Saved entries
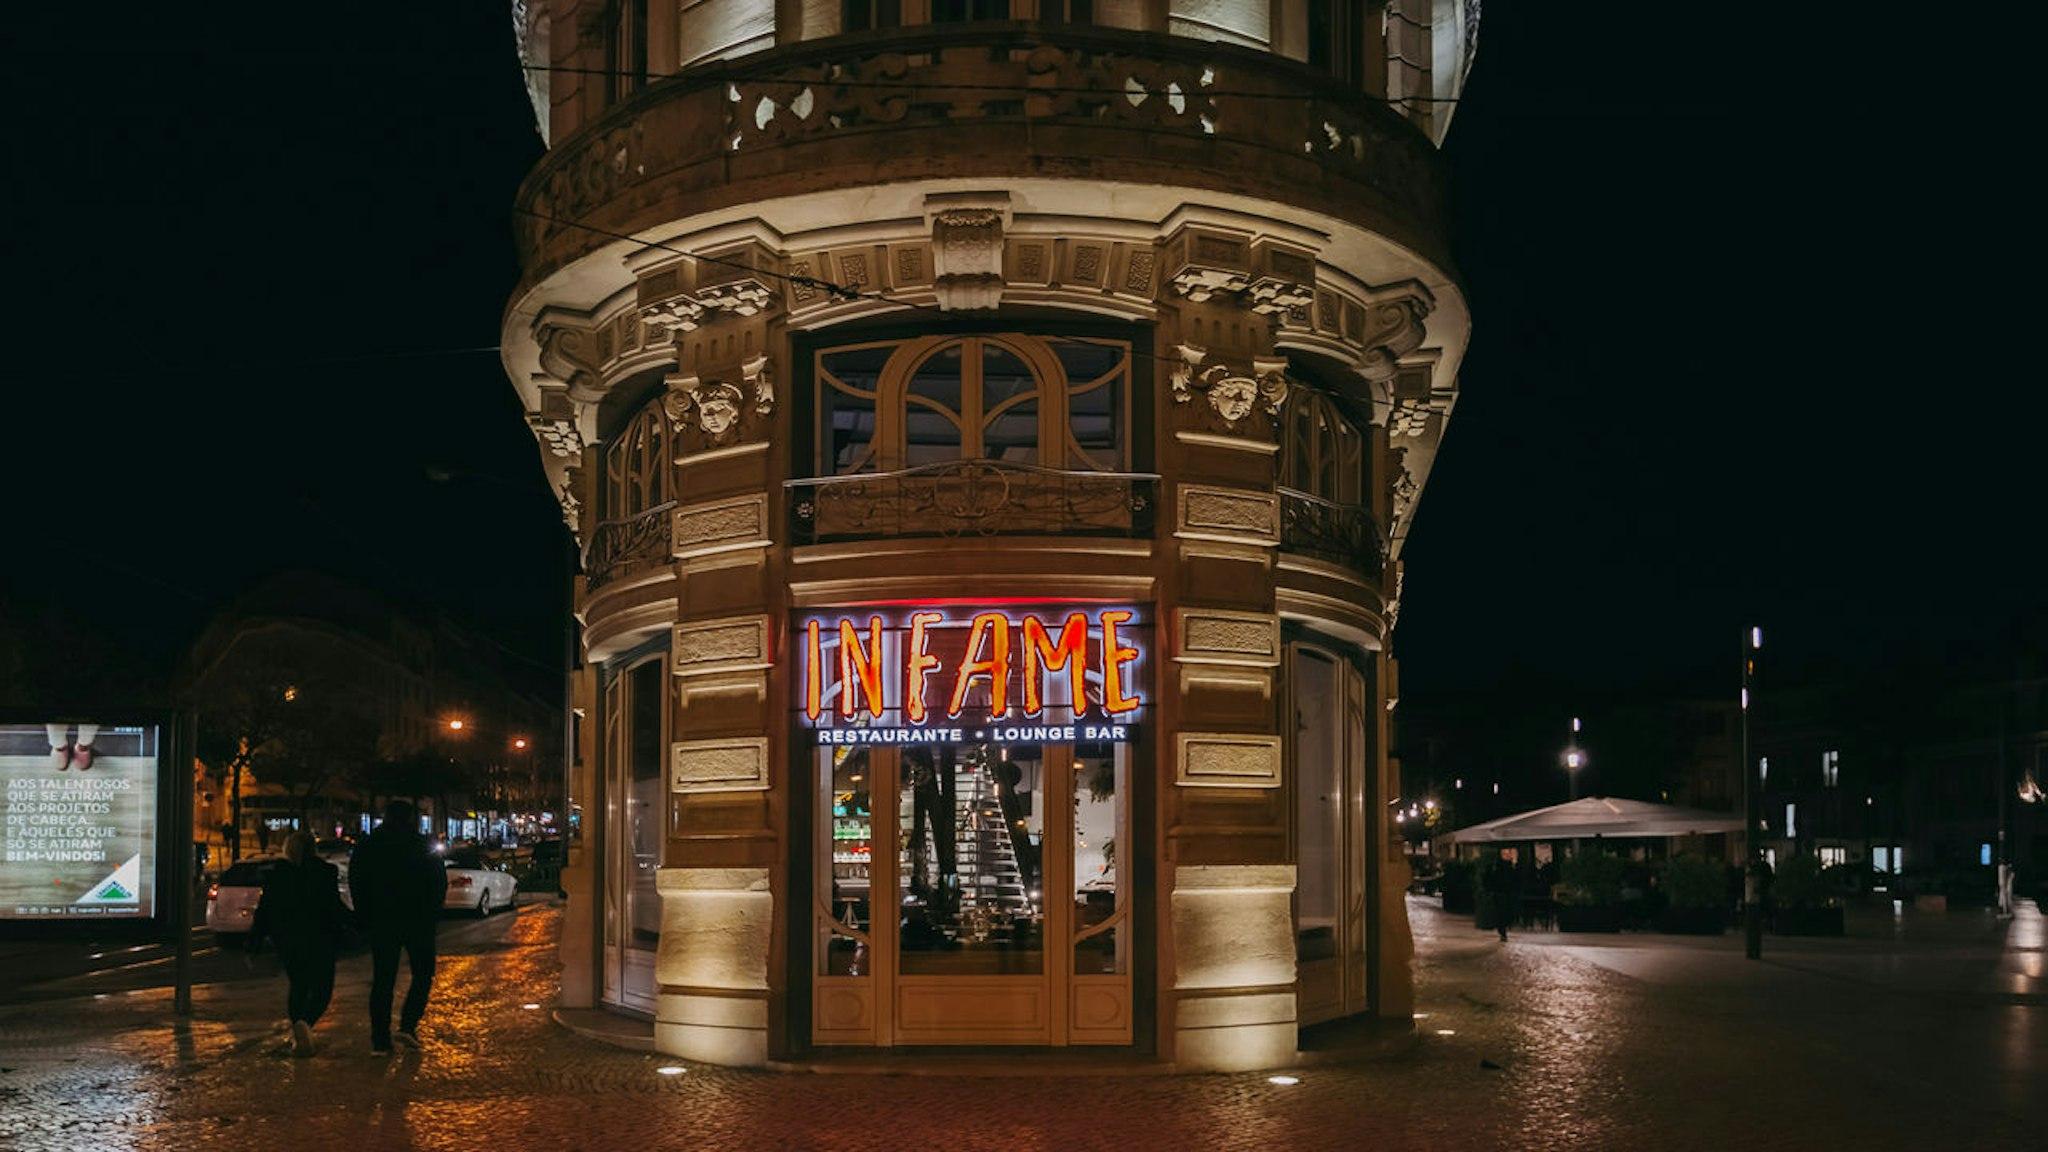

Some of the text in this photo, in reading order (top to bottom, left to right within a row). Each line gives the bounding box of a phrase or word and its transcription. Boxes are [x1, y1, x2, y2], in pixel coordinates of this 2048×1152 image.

[807, 613, 1140, 722] INFAME
[819, 727, 1127, 743] RESTAURANTE LOUNGE BAR
[8, 778, 131, 790] AOS TALENTOSOS
[8, 790, 114, 802] QUE SE ATIRAM
[8, 803, 110, 814] AOS PROJETOS
[7, 815, 26, 825] DE
[7, 827, 15, 838] E
[87, 827, 116, 838] QUE
[28, 839, 46, 849] SE
[50, 839, 102, 849] ATIRAM
[6, 851, 106, 862] BEM-VINDOS!

# Problem statement:
Your copy must match the records above word for word and contain no pictures.

# Result below:
Some of the text in this photo, in reading order (top to bottom, left to right within a row). Each line gives the bounding box of a phrase or word and its transcription. Boxes are [x1, y1, x2, y2], in pixel coordinates of this 2048×1152 image.

[807, 613, 1140, 722] INFAME
[819, 727, 1127, 743] RESTAURANTE LOUNGE BAR
[8, 778, 131, 790] AOS TALENTOSOS
[8, 790, 114, 802] QUE SE ATIRAM
[8, 803, 110, 814] AOS PROJETOS
[7, 815, 26, 825] DE
[7, 827, 15, 838] E
[87, 827, 116, 838] QUE
[28, 839, 46, 849] SE
[50, 839, 102, 849] ATIRAM
[6, 851, 106, 862] BEM-VINDOS!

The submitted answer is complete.